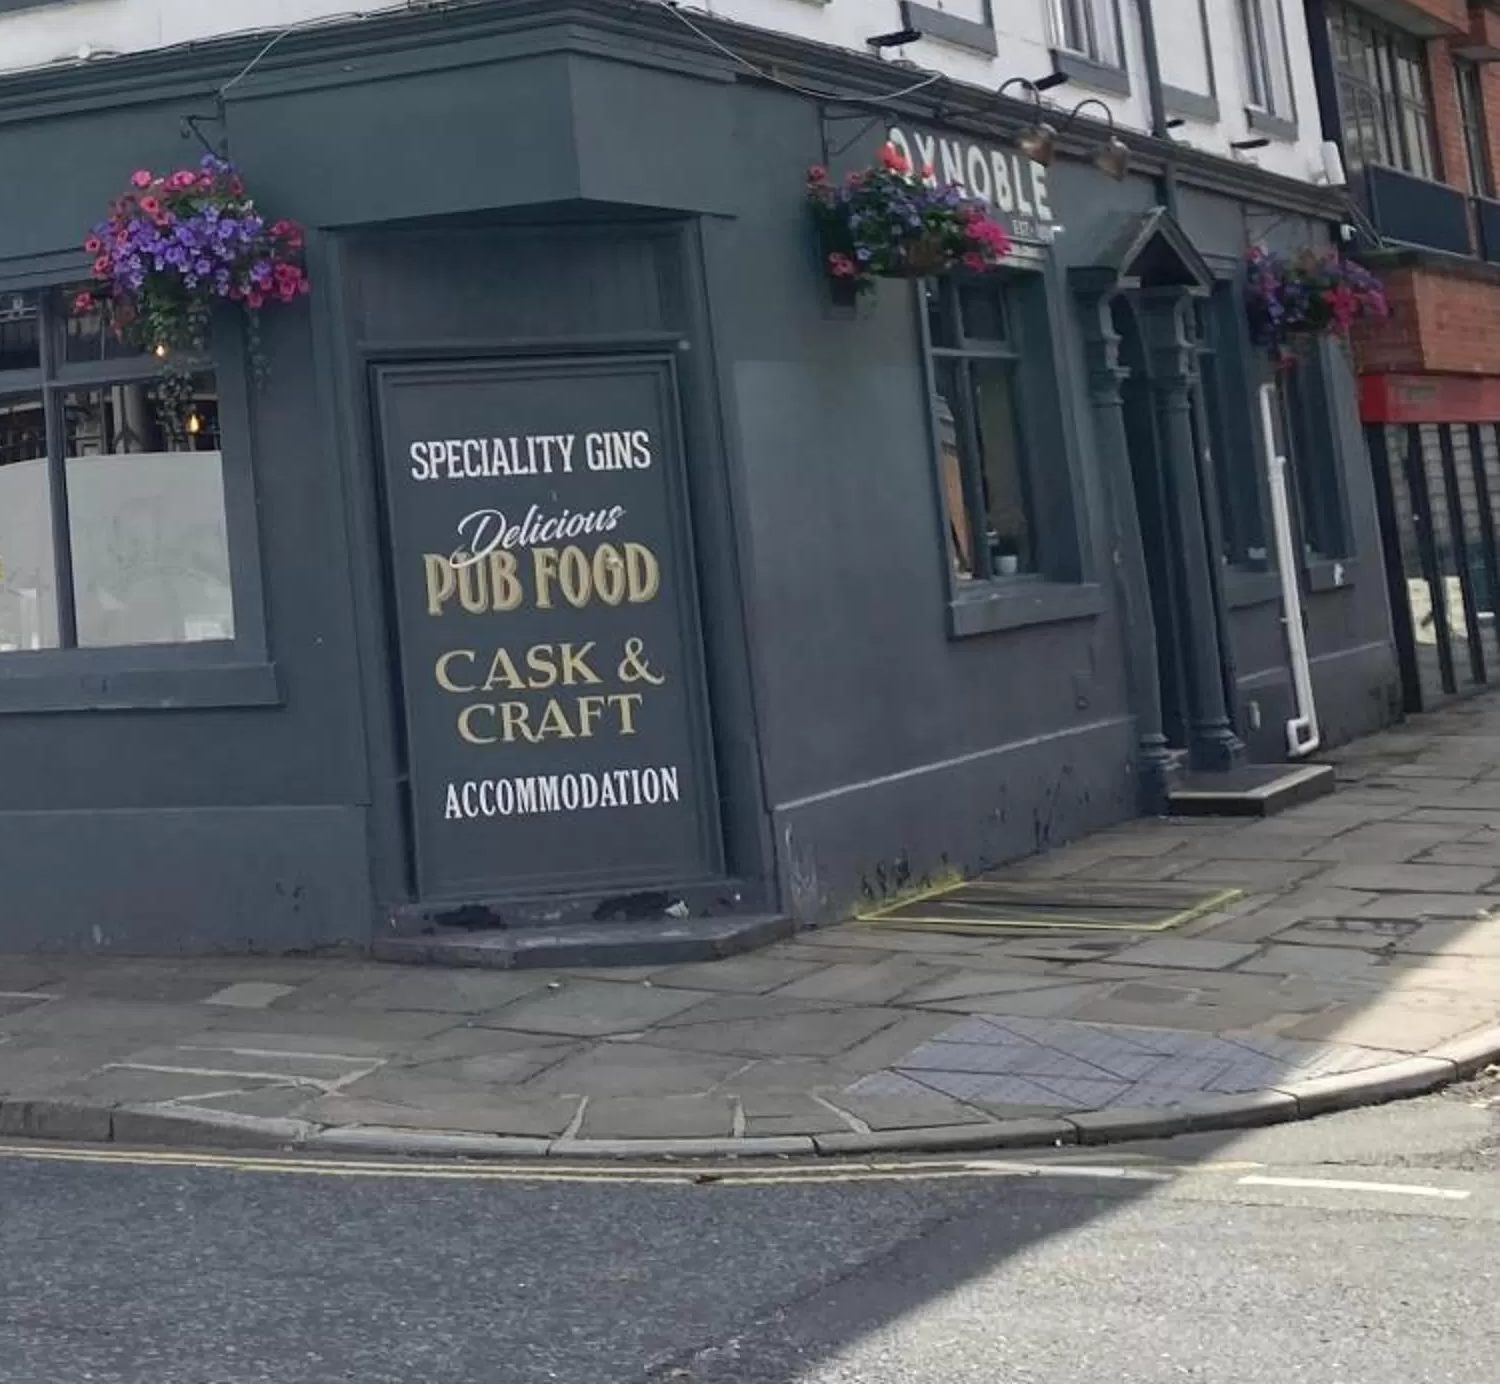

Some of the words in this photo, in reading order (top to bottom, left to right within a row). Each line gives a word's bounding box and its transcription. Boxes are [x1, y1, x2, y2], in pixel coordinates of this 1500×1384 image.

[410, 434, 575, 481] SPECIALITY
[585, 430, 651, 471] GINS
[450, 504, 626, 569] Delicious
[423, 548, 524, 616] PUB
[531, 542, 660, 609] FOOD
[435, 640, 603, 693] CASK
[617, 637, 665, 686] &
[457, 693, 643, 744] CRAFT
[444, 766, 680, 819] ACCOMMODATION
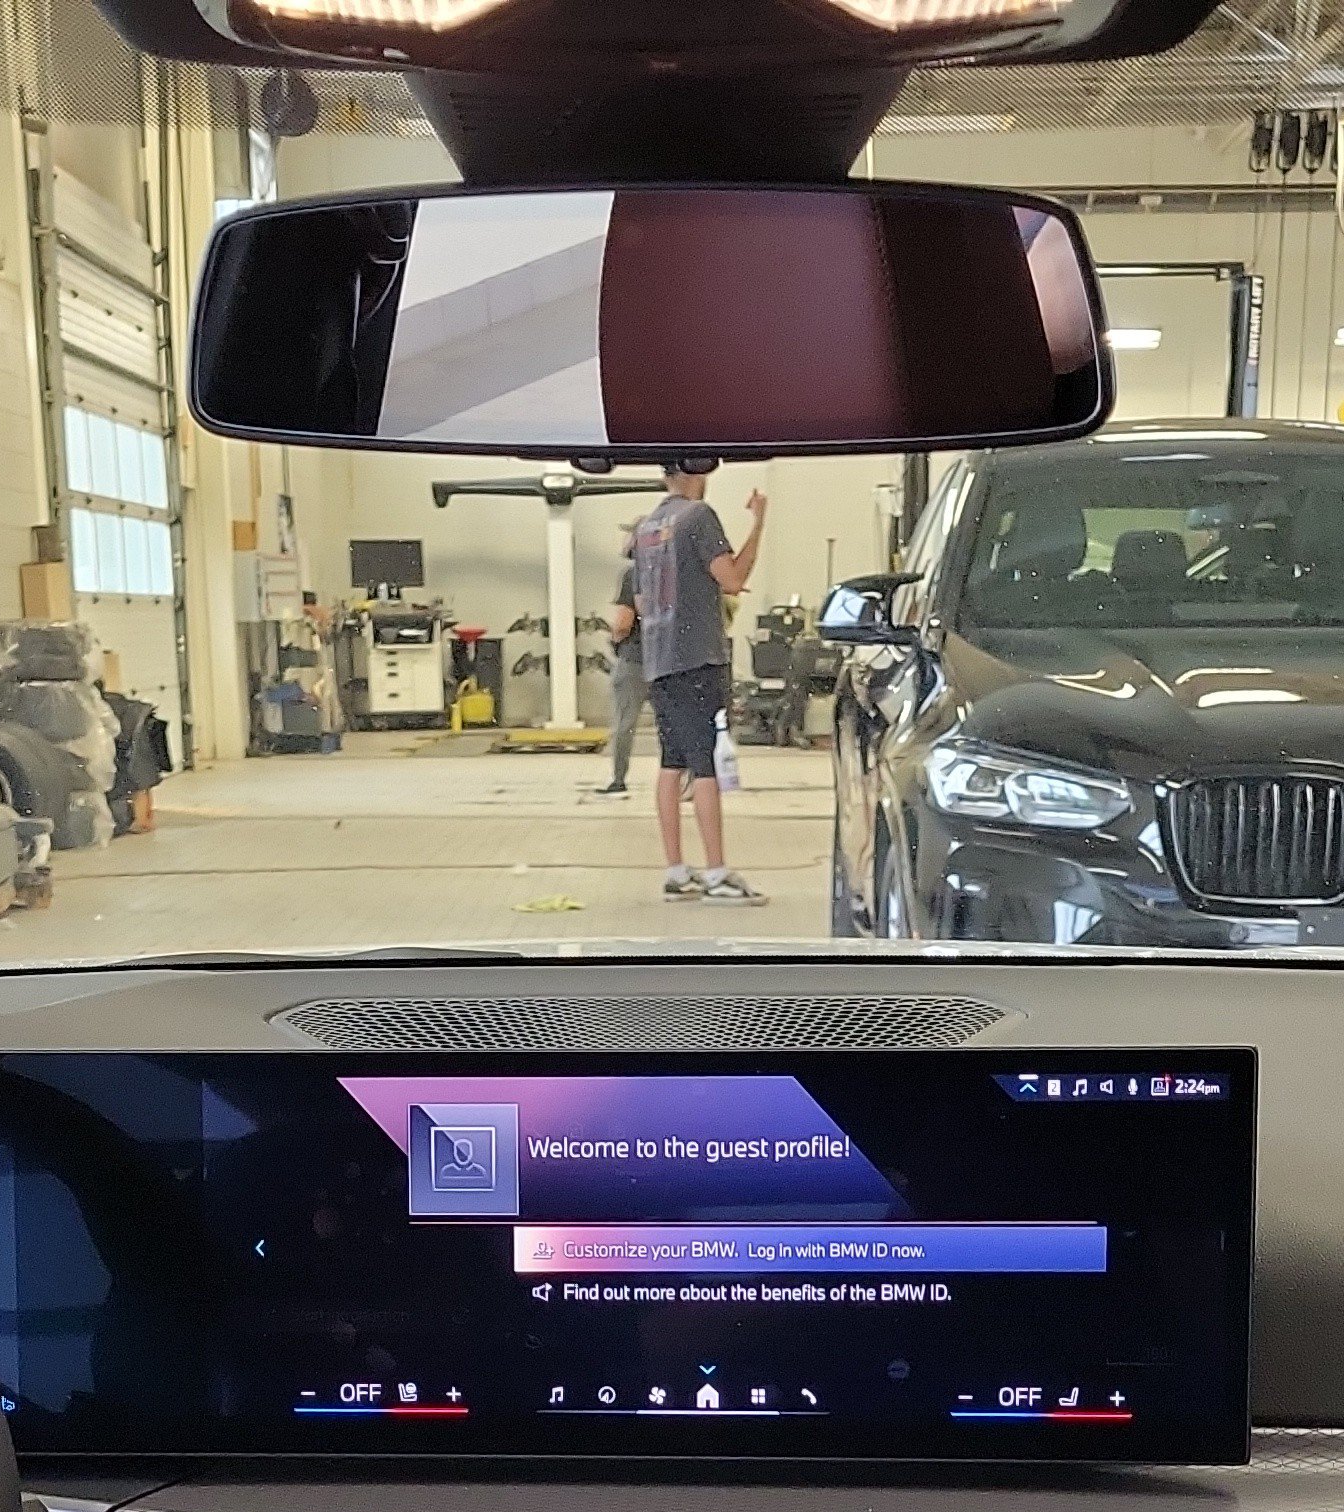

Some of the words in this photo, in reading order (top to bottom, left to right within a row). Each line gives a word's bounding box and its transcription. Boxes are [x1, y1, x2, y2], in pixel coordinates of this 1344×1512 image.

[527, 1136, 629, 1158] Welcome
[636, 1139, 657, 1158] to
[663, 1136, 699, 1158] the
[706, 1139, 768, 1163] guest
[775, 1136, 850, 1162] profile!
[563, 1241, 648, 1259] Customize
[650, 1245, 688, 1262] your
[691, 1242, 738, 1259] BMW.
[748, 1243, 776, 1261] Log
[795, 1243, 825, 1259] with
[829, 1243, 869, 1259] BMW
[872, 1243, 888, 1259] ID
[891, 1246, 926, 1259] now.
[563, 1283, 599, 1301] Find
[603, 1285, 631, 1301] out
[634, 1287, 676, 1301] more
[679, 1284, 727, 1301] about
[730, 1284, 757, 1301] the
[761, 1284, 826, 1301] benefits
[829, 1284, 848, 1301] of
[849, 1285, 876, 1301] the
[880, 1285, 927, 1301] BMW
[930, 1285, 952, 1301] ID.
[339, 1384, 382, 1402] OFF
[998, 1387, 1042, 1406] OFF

• [BRIEF]
Although the records include pictures, output only their text, exactly and completely.

• [TASK RESULT]
Some of the words in this photo, in reading order (top to bottom, left to right within a row). Each line gives a word's bounding box and its transcription. Boxes are [x1, y1, x2, y2], in pixel coordinates of this 1500×1384 image.

[410, 434, 575, 481] SPECIALITY
[585, 430, 651, 471] GINS
[450, 504, 626, 569] Delicious
[423, 548, 524, 616] PUB
[531, 542, 660, 609] FOOD
[435, 640, 603, 693] CASK
[617, 637, 665, 686] &
[457, 693, 643, 744] CRAFT
[444, 766, 680, 819] ACCOMMODATION

Some of the words in this photo, in reading order (top to bottom, left to right within a row). Each line gives a word's bounding box and its transcription. Boxes are [x1, y1, x2, y2], in pixel coordinates of this 1344×1512 image.

[527, 1136, 629, 1158] Welcome
[636, 1139, 657, 1158] to
[663, 1136, 699, 1158] the
[706, 1139, 768, 1163] guest
[775, 1136, 850, 1162] profile!
[563, 1241, 648, 1259] Customize
[650, 1245, 688, 1262] your
[691, 1242, 738, 1259] BMW.
[748, 1243, 776, 1261] Log
[795, 1243, 825, 1259] with
[829, 1243, 869, 1259] BMW
[872, 1243, 888, 1259] ID
[891, 1246, 926, 1259] now.
[563, 1283, 599, 1301] Find
[603, 1285, 631, 1301] out
[634, 1287, 676, 1301] more
[679, 1284, 727, 1301] about
[730, 1284, 757, 1301] the
[761, 1284, 826, 1301] benefits
[829, 1284, 848, 1301] of
[849, 1285, 876, 1301] the
[880, 1285, 927, 1301] BMW
[930, 1285, 952, 1301] ID.
[339, 1384, 382, 1402] OFF
[998, 1387, 1042, 1406] OFF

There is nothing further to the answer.